In applying the above corroboration criteria to the facts of the instant case, the question is whether or not the fact of the child’s pregnancy and subsequent abortion is sufficient to corroborate the child’s out-of-court statements that the respondent had been sexually abusing her. Because the fact of the child’s pregnancy and subsequent abortion constitute competent nonhearsay evidence providing strong confirmation that acts of sexual abuse did in fact occur, such competent evidence
The court recognizes that under the less stringent article 10 corroboration standard, there may be an increased risk of error as to the identity of the perpetrator. However, consistent with the civil nature of this proceeding, and its primary purpose of protecting children from abuse and neglect, if the court is to err, it should err on the side of protecting the child. The court will note that the risk of error as to the identity of the perpetrator may vary with the age and mobility of the subject child. For example, were the subject of this petition an older teenager, given the facts of the instant case, the issue of the sufficiency of the corroboration would be more troublesome.
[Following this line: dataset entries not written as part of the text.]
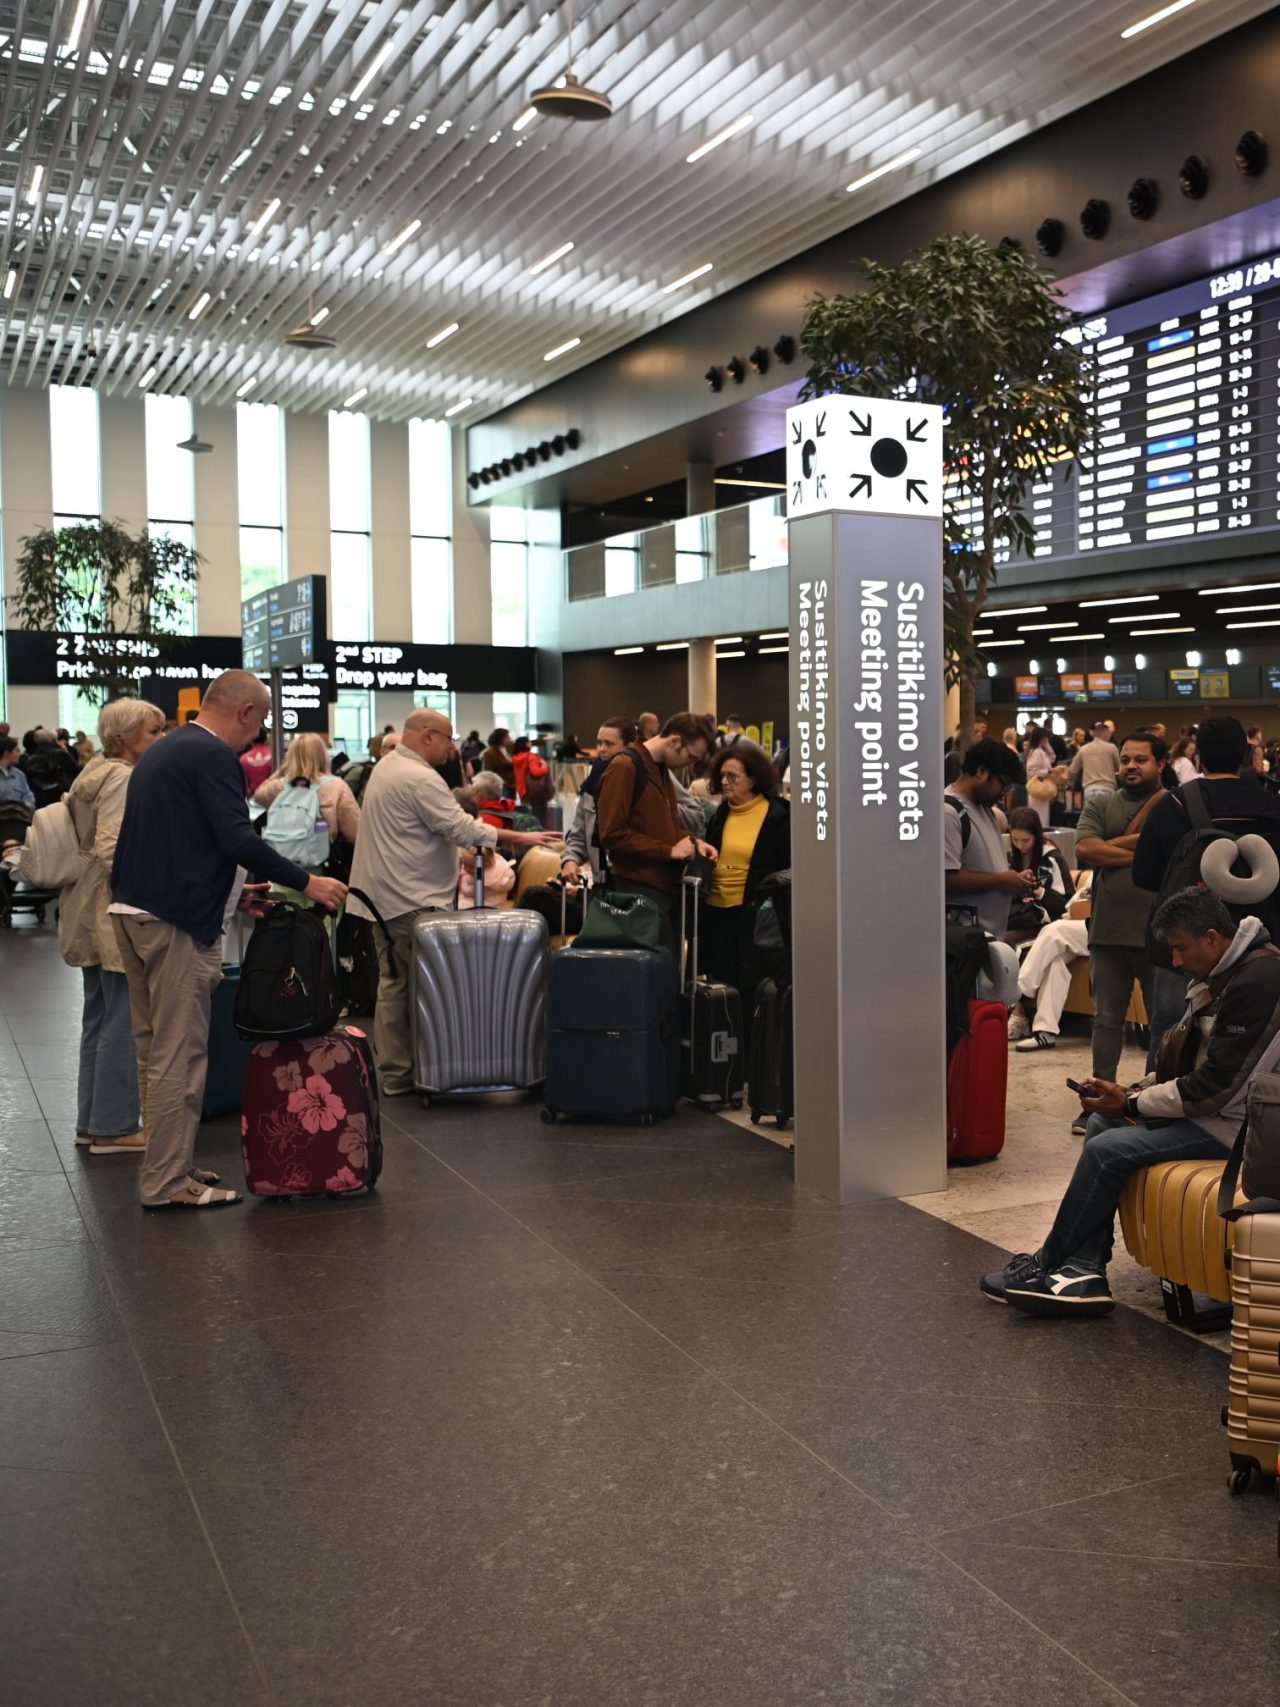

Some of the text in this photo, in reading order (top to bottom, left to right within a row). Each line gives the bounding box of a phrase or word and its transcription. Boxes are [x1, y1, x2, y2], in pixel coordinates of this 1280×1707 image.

[56, 638, 69, 655] 2
[336, 667, 375, 687] Drop
[377, 670, 414, 688] your
[417, 669, 448, 689] bag
[362, 647, 403, 664] STEP
[797, 582, 813, 803] Meeting point
[815, 580, 829, 841] Susitikimo vieta
[854, 580, 890, 806] Meeting point
[897, 581, 926, 841] Susitikimo vieta
However, since the subject of this case was between 10 and 11 years old when the acts occurred, the court finds that sufficient corroboration exists notwithstanding some degree of inherent risk of a misidentification of the respondent.
In determining whether or not the petitioner has met its burden of proof in this article 10 proceeding, by a preponderance of the evidence, the court will note that the respondent father declined to testify. Where a party in a civil case has knowledge of facts material to the case, and fails without excuse to offer his testimony to deny and refute the evidence against him " 'every inference warranted by the evidence will be indulged against him.’ ” (Fingerhut v Kralyn Enters., 71 Misc 2d 846, 860, affd 40 AD2d 595; Matter of Association of Bar of City of N. Y. v Randel, 158 NY 216; see also, Matter of Lynch, 227 App Div 477.) The court may infer that had the respondent testified he would not have contradicted the proof offered by the petitioner as to the identity or acts. (Cf. Matter of Commissioner of Social Servs. v Philip De G., 59 NY2d 137, 141 [although respondent need not testify in a paternity proceeding, his failure to do so permits the trier of facts to draw the strongest inference against him that the opposing evidence in the record permits; see, Richardson, Evidence § 92 [Prince 10th ed 1973].)
Even were the court to have disregarded the fact of the respondent’s failure to testify, and draw no inferences whatsoever, the court still would find that petitioner has established its case by a preponderance of the credible evidence.
The matter is adjourned for a dispositional hearing to be held on July 1, 1986 in Part 1, New York County.
The remand of the child is continued until that date.
. Penal Law § 130.16 (emphasis added). This section was last amended in 1984, limiting the corroboration requirement solely to cases in which lack of consent relates to the victim’s mental defect or mental incapacity.